(SOURCE RECORDS begins)
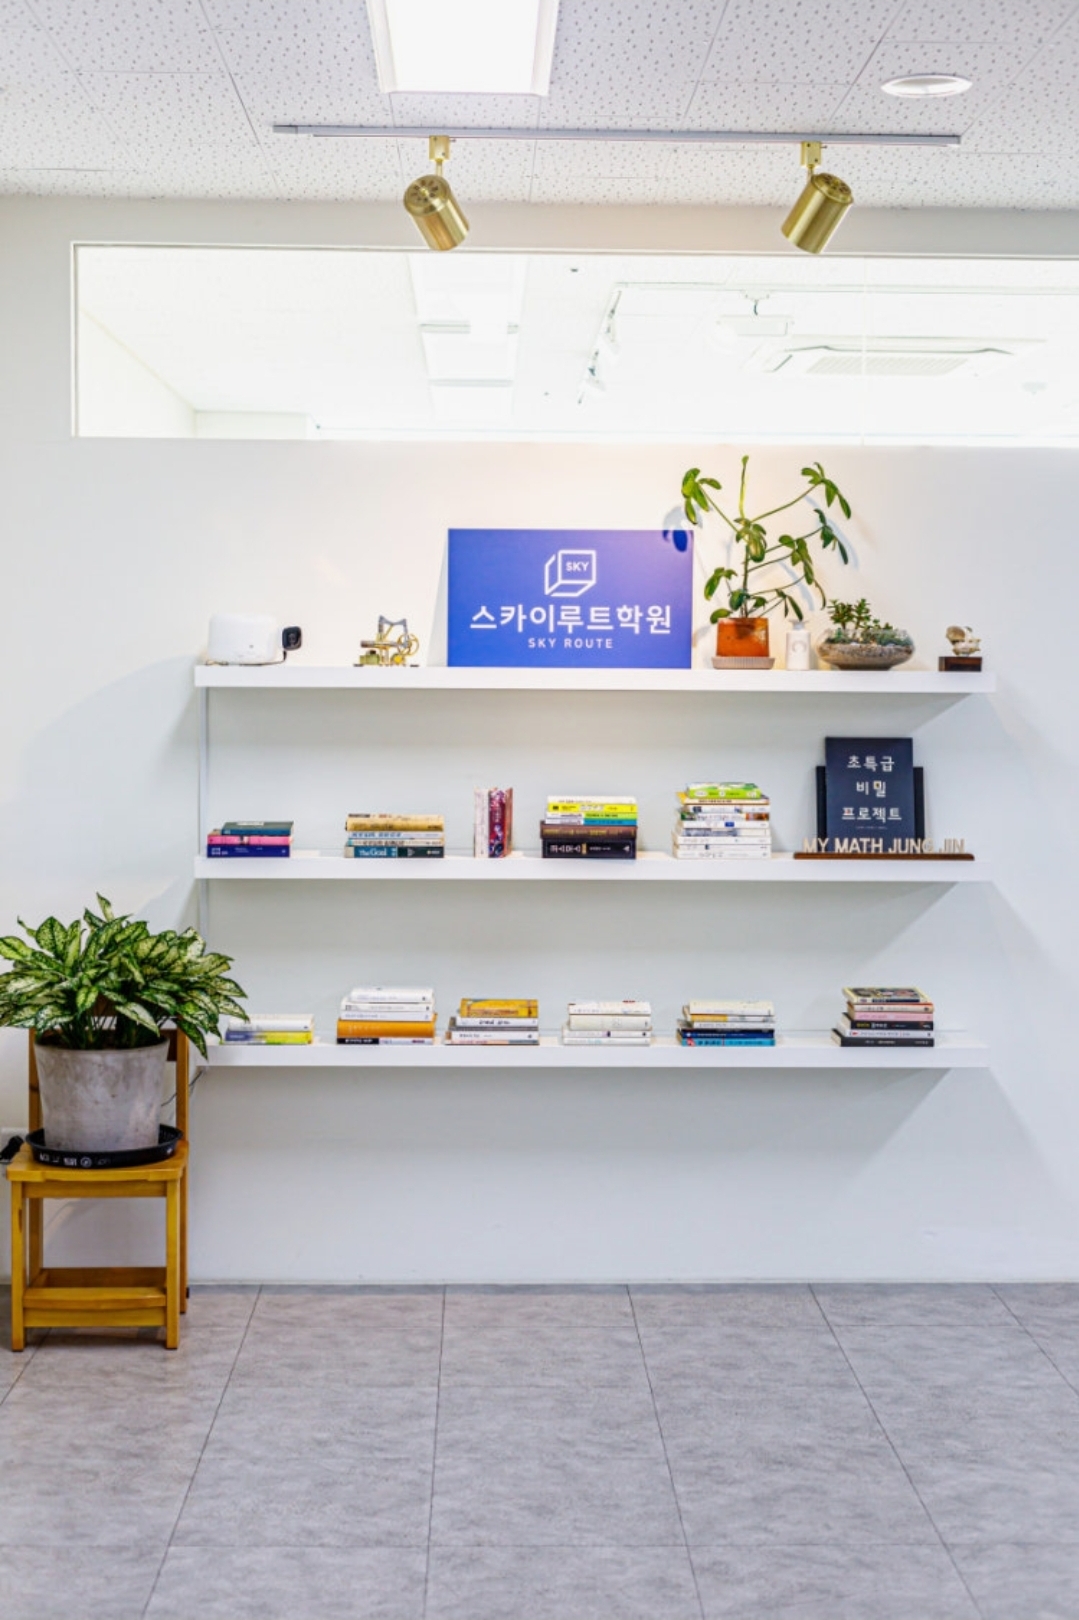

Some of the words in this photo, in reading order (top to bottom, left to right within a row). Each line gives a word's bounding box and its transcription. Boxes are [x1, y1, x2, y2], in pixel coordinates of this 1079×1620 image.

[566, 562, 588, 571] SKY
[470, 604, 671, 634] 스카이루트학원
[528, 638, 557, 648] SKY
[564, 638, 613, 648] ROUTE
[848, 755, 894, 771] 초특급
[856, 780, 887, 797] 비밀
[841, 807, 902, 823] 프로젝트
[370, 848, 387, 856] Goal
[803, 838, 830, 853] MY
[834, 838, 883, 853] MATH
[888, 838, 934, 853] JUNG
[939, 838, 965, 853] JIN
(SOURCE RECORDS ends)
### AIM OF THE TASK
Please write the material out again exactly as shown above, minus any pictures.

### RESPONSE AREA
Some of the words in this photo, in reading order (top to bottom, left to right within a row). Each line gives a word's bounding box and its transcription. Boxes are [x1, y1, x2, y2], in pixel coordinates of this 1079×1620 image.

[566, 562, 588, 571] SKY
[470, 604, 671, 634] 스카이루트학원
[528, 638, 557, 648] SKY
[564, 638, 613, 648] ROUTE
[848, 755, 894, 771] 초특급
[856, 780, 887, 797] 비밀
[841, 807, 902, 823] 프로젝트
[370, 848, 387, 856] Goal
[803, 838, 830, 853] MY
[834, 838, 883, 853] MATH
[888, 838, 934, 853] JUNG
[939, 838, 965, 853] JIN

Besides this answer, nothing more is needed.